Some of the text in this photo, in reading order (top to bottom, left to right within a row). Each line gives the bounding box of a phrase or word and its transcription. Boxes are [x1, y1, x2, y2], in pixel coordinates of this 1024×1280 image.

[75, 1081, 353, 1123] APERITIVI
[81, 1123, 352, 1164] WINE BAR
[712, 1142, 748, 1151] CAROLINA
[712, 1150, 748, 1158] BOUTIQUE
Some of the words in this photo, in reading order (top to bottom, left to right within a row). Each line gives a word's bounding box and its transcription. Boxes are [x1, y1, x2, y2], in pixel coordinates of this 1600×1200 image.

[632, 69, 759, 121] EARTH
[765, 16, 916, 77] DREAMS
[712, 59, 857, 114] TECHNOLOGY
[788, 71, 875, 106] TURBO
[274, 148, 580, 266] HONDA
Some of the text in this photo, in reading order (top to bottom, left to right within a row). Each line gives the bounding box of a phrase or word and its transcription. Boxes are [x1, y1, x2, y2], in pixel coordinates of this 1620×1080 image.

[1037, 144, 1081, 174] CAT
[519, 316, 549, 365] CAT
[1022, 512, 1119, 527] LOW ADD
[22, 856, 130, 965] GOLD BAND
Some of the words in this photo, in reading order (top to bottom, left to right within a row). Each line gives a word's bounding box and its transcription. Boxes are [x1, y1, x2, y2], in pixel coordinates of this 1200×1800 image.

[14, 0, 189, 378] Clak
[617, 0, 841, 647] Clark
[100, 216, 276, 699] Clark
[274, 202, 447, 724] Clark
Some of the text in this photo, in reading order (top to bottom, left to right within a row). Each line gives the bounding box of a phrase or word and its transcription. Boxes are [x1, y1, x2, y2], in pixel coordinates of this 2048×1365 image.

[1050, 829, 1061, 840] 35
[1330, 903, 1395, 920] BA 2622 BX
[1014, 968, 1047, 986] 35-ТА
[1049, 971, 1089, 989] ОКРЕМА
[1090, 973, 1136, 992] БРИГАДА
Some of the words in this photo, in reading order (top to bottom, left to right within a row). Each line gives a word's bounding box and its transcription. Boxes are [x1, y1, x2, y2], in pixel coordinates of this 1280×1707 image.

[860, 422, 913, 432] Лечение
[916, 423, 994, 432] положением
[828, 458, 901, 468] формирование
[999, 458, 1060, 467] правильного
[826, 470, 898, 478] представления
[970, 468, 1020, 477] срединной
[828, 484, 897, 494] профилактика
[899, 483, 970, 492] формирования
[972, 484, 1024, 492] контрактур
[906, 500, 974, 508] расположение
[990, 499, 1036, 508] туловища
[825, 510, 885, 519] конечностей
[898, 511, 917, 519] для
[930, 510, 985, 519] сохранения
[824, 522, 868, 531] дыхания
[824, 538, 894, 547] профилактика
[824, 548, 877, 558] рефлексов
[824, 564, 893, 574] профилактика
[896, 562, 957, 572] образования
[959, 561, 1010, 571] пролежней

**What is needed:**
All of the material above needs repeating. Keep it exact.

**Answer space:**
Some of the text in this photo, in reading order (top to bottom, left to right within a row). Each line gives the bounding box of a phrase or word and its transcription. Boxes are [x1, y1, x2, y2], in pixel coordinates of this 1024×1280 image.

[75, 1081, 353, 1123] APERITIVI
[81, 1123, 352, 1164] WINE BAR
[712, 1142, 748, 1151] CAROLINA
[712, 1150, 748, 1158] BOUTIQUE
Some of the words in this photo, in reading order (top to bottom, left to right within a row). Each line gives a word's bounding box and its transcription. Boxes are [x1, y1, x2, y2], in pixel coordinates of this 1600×1200 image.

[632, 69, 759, 121] EARTH
[765, 16, 916, 77] DREAMS
[712, 59, 857, 114] TECHNOLOGY
[788, 71, 875, 106] TURBO
[274, 148, 580, 266] HONDA
Some of the text in this photo, in reading order (top to bottom, left to right within a row). Each line gives the bounding box of a phrase or word and its transcription. Boxes are [x1, y1, x2, y2], in pixel coordinates of this 1620×1080 image.

[1037, 144, 1081, 174] CAT
[519, 316, 549, 365] CAT
[1022, 512, 1119, 527] LOW ADD
[22, 856, 130, 965] GOLD BAND
Some of the words in this photo, in reading order (top to bottom, left to right within a row). Each line gives a word's bounding box and its transcription. Boxes are [x1, y1, x2, y2], in pixel coordinates of this 1200×1800 image.

[14, 0, 189, 378] Clak
[617, 0, 841, 647] Clark
[100, 216, 276, 699] Clark
[274, 202, 447, 724] Clark
Some of the text in this photo, in reading order (top to bottom, left to right within a row). Each line gives the bounding box of a phrase or word and its transcription. Boxes are [x1, y1, x2, y2], in pixel coordinates of this 2048×1365 image.

[1050, 829, 1061, 840] 35
[1330, 903, 1395, 920] BA 2622 BX
[1014, 968, 1047, 986] 35-ТА
[1049, 971, 1089, 989] ОКРЕМА
[1090, 973, 1136, 992] БРИГАДА
Some of the words in this photo, in reading order (top to bottom, left to right within a row). Each line gives a word's bounding box and its transcription. Boxes are [x1, y1, x2, y2], in pixel coordinates of this 1280×1707 image.

[860, 422, 913, 432] Лечение
[916, 423, 994, 432] положением
[828, 458, 901, 468] формирование
[999, 458, 1060, 467] правильного
[826, 470, 898, 478] представления
[970, 468, 1020, 477] срединной
[828, 484, 897, 494] профилактика
[899, 483, 970, 492] формирования
[972, 484, 1024, 492] контрактур
[906, 500, 974, 508] расположение
[990, 499, 1036, 508] туловища
[825, 510, 885, 519] конечностей
[898, 511, 917, 519] для
[930, 510, 985, 519] сохранения
[824, 522, 868, 531] дыхания
[824, 538, 894, 547] профилактика
[824, 548, 877, 558] рефлексов
[824, 564, 893, 574] профилактика
[896, 562, 957, 572] образования
[959, 561, 1010, 571] пролежней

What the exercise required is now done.